SANYA, China // Eight days ago and 11,000 kilometres away, in Cape Town, South Africa, a worried sailor sat at his computer.
A mainstay in the Abu Dhabi Ocean Racing tapestry for months as a reserve crew member and shore-crew supporter, he would miss this China stopover because of mild cost-cutting.
In his unsettling uncertainty, he thought he might try something in the Caribbean.
The phone rang with a blocked number, and the Abu Dhabi skipper Ian Walker spoke, and Paul Willcox figured Walker would give the bad news that he had to take Willcox off his retainer.
"We need you in China," Walker said instead. "Are you available?" As words rolled in, he heard Walker say, "We need you for this leg and probably for the rest of the race."
A thought flashed: Did you really just ask me if I am available?
The Abu Dhabi crew member Andrew Lewis had left the team for family reasons, and here came Willcox, who by yesterday afternoon sat aboard Azzam toiling, a sight familiar through three stopovers but unexpected here. "I was quite shocked, actually," Willcox said. "I think I still am, actually."
Soon he said, "It takes you a long time to sort of register that you're actually doing what you've been dreaming of doing your whole life."
He will sail Leg 4 to Auckland, New Zealand, and the transition should be as seamless as transitions get.
"He has sailed on our boat probably more than a lot of the racing team," Walker said.
An award-winning South African who can tell about malevolent seas off the South African/Namibian coast, Willcox had a brief stint with Team Russia's truncated bid in the 2008/09 Volvo Ocean Race. He contacted Walker in the summer of 2010. Walker happened to be home in England, so he met Willcox for a coffee.
"I liked him," Walker said, and across the autumn and winter Willcox made three trips to Abu Dhabi, helping out and trying out as an under-30 sailor.
He did not get that, but as reserve he sailed with the crew from Cascais, Portugal, to Alicante, Spain, and in the In-Port Race in Spain on October 29, when Lewis went home to Hawaii for his daughter's birth.
Then he followed his long and trying path home again after the Abu Dhabi stopover, cycled to maintain fitness and resumed wondering.
The clock ticked. By the next Volvo Ocean Race, he would exceed age 30, rendering the opportunities even scarcer than usual. Old doubts howled. Should he do something else? Get a "real job", as he put it?
In one phone call came one "massive stepping stone", as he also put it. And an ensuing phone call brought a deeply meaningful conversation with his long-supportive father in Johannesburg.

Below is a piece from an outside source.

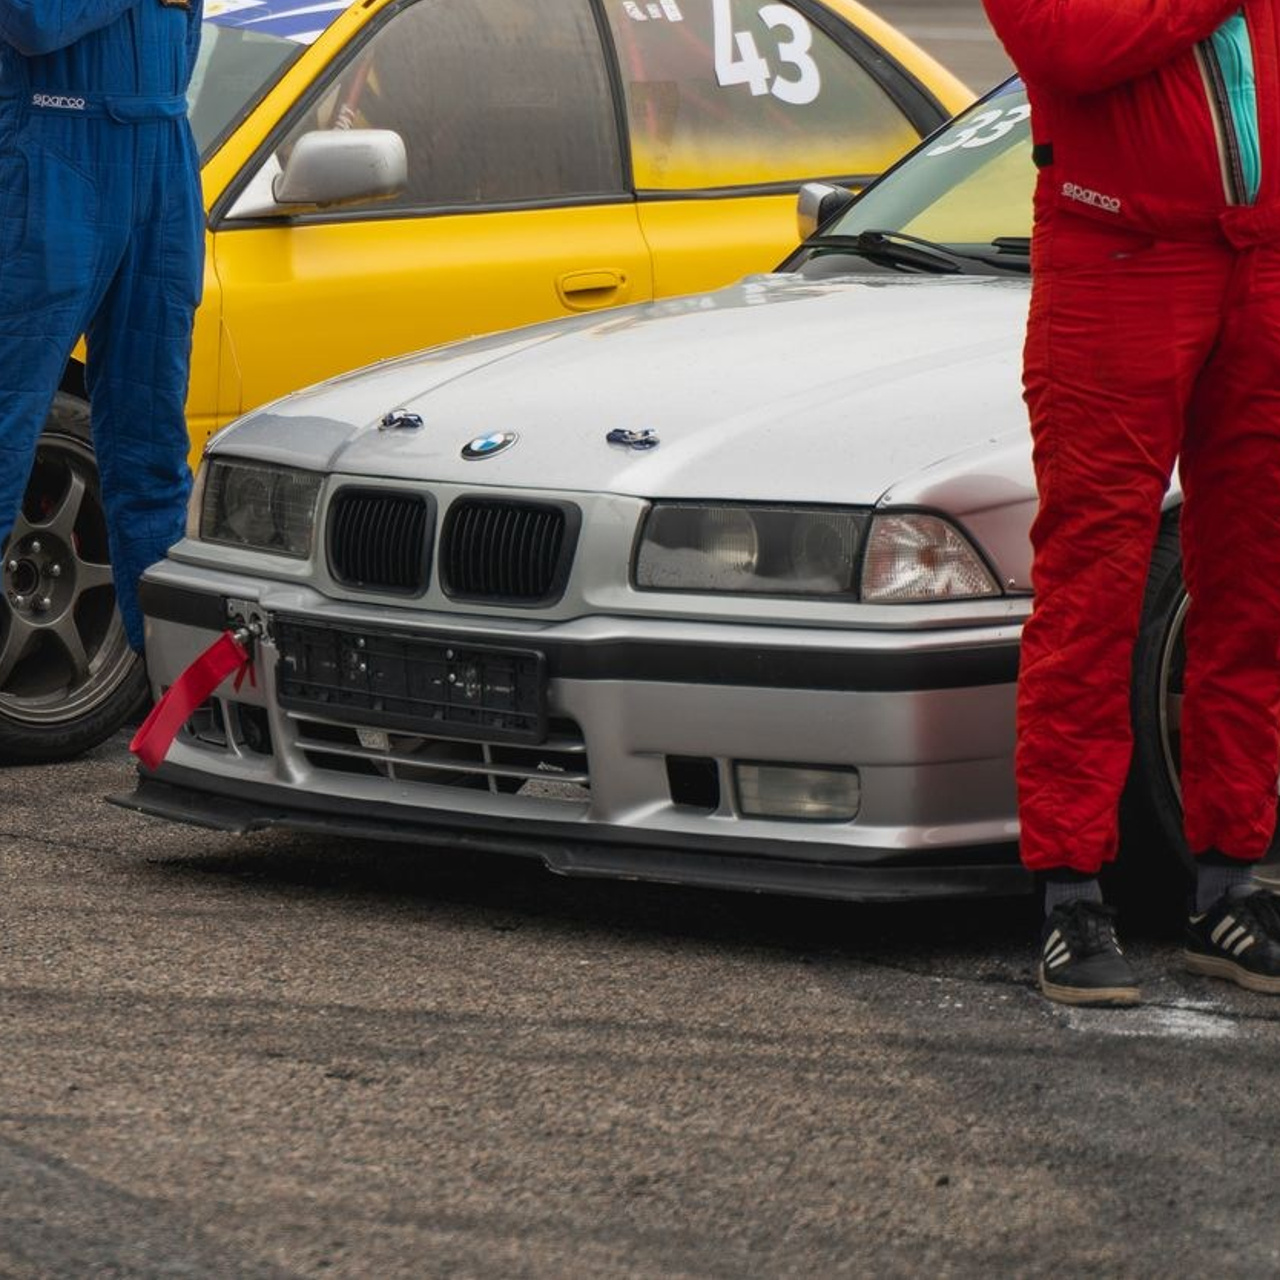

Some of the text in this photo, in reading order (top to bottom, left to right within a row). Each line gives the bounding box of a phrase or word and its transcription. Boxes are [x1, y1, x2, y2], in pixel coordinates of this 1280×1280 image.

And here in China, Walker stressed yesterday that Willcox had "done exactly the right thing", keeping head down, staying fit et al. "I'm genuinely pleased for him," Walker said. "I really am."
Meanwhile, Leg 4 of the race will start as planned. From there, nobody knows.
Race officials retain the possibility for unusual directives early on, owing to merciless conditions forecast for the South China Sea.
Even with a tropical depression likelier than a tropical cyclone, the chief meteorologist of the race, Gonzalo Infante, wrote in an e-mail: “The problem is that the combination of a northeasterly monsoon surge with the tropical depression can make the South China Sea far from sailable, since the sea state can be very, very tough.”
For the 5,200 nautical miles from Sanya to Auckland the early stages promise by far the severest conditions the fleet has faced across four months. The disturbance “is between here and Luzon” in the Philippines, the Abu Dhabi Ocean Racing skipper Ian Walker said.
"We have no choice, if we want to go to Auckland, but to sail through the wind," anticipated at 40 knots and gusting.
Said Walker: "It is a decision for Volvo, how much risk it wants to take with the fleet," even while skippers will have input.
As compared with the tumultuous Leg 4 from Singapore to Qingdao in the 2008/09 race, this threat has both similarity (same region) and contrast (circumstances).
“The big difference with the last race is that first of all, you could always go hide around the Philippines,” said Ken Read, the Puma skipper, whose previous entry did just that. “That’s a big difference because here; we have to go out to the South China Sea and there’s no hiding.”
As for similarity, “It was relentless,” Read said. “This place is relentless. Quite frankly, it’s not a great place to go sailboat racing this time of year. It’s a great place to visit, but the South China Sea this time of year is no bargain.”